Merge tag 'mlx5-updates-2021-06-09' of git://git.kernel.org/pub/scm/linux/kernel/git/saeed/linux

Saeed Mahameed says:

====================
mlx5-updates-2021-06-09

Introduce steering header insert/remove and switchdev bridge offloads

1) From Yevgeny, Steering header insert/remove support

ConnectX supports offloading of various encapsulations and decapsulations
(e.g. VXLAN), which are performed by 'Packet Reformat' action.
Starting with ConnectX-6 DX, a new reformat type is supported - INSERT_HEADER.
This reformat allows inserting an arbitrary size buffer at a selected location
in the packet on RX flows.

The insert/remove header support are needed as a prerequisite for the
bridge offloads vlan pop/push supprt, see below.

2) From Vlad, Support for bridge offloads for switchdev mode

This change implements bridge offloads with VLAN-support that works on top
of mlx5 representors in switchdev mode.

HIGH-LEVEL OVERVIEW

Hardware supported by mlx5 driver doesn't provide dynamic learning or aging
functionality and requires the driver to emulate all switch-like behavior
in software. As such, all packets by default go through miss path, appear
on representor and get to software bridge, if it is the upper device of the
representor. This causes bridge to process packet in software, learn the
MAC address to FDB and send SWITCHDEV_FDB_ADD_TO_DEVICE event to all
subscribers. Upon reception of SWITCHDEV_FDB_ADD_TO_DEVICE notification
mlx5 bridge offloads the FDB to hardware and sends back
SWITCHDEV_FDB_ADD_TO_BRIDGE notification to prevent such entries from being
aged out by kernel bridge. Leaving aging to kernel bridge would result
deletion of offloaded dynamic FDB entries every aging_time period due to
packets being processed by hardware and, consecutively, 'used' timestamp
for FDB entry not being updated. Hardware aging is emulated in driver by
running periodic workqueue task that manually updates the rules according
to their hardware counter:

- If hardware counter has changed since last update, the handler updates
'used' timestamp in kernel bridge dynamic entry by sending
SWITCHDEV_FDB_ADD_TO_BRIDGE notification for the entry.

- If FDB entry wasn't updated for user-controllable aging_time period,
then the FDB entry is unoffloaded from hardware and corresponding
SWITCHDEV_FDB_DEL_TO_BRIDGE notification is sent to kernel bridge.

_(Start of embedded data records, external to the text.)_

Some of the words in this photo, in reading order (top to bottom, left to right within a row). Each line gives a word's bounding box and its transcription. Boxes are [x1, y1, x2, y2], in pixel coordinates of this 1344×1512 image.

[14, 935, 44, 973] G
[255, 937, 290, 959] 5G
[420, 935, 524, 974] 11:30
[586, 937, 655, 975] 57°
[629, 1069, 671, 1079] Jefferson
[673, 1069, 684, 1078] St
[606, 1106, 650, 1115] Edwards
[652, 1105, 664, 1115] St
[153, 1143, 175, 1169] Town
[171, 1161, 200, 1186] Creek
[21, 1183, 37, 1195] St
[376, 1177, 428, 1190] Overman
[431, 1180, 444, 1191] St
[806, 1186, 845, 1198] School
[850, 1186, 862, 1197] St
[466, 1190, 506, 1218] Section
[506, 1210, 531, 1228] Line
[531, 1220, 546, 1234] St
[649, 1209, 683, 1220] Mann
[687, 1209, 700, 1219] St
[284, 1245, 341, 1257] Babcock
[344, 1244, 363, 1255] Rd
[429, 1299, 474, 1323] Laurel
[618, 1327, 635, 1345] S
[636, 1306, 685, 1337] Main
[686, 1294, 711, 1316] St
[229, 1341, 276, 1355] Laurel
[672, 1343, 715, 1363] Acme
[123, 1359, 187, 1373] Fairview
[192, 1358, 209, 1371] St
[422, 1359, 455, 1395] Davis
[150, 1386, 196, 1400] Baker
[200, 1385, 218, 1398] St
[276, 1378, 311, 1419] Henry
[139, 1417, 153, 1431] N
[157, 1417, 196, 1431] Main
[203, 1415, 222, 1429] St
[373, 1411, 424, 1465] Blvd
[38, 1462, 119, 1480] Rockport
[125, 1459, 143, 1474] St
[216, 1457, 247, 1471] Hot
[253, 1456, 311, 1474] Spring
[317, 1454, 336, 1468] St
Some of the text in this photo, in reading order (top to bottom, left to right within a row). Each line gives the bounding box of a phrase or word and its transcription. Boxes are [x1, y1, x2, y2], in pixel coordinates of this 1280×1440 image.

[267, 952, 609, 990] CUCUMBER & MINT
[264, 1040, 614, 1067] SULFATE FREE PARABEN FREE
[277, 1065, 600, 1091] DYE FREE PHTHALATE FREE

The mlx5 bridge offload implementation fully supports port VLAN objects,
including PVID (vlan push) and "Egress Untagged" (vlan pop).

SOFTWARE ARCHITECTURE

Mlx5_eswitch is extended with pointer to new mlx5_esw_bridge_offloads
structure which has a linked list of mlx5_esw_bridge objects. Struct
mlx5_esw_bridge is the main switch object in mlx5 that holds all data for
offloaded FDB entries and metadata for bridge ports and their vlans. The
mlx5_esw_bridge object is created when first representor of eswitch vport
is added to bridge and deleted when the last representor is detached from
it. Bridge FDB entries are saved in linked list (to iterate over all FDB
entries in aging workqueue task) and also in hashtable for quick lookup by
MAC+VLAN tuple. Bridge FDB entries are saved in linked list (to iterate
over all FDB entries in aging workqueue task) and in hashtable for quick
lookup by MAC+VLAN tuple. Port metadata is stored in struct
mlx5_esw_bridge_port that is saved in xarray to allow quick lookup by vport
number. Part of the port metadata is the set of port vlans that are
represented by mlx5_esw_bridge_vlan structure. The vlan structure points to
all FDBs on vlan/port via fdb_list linked list.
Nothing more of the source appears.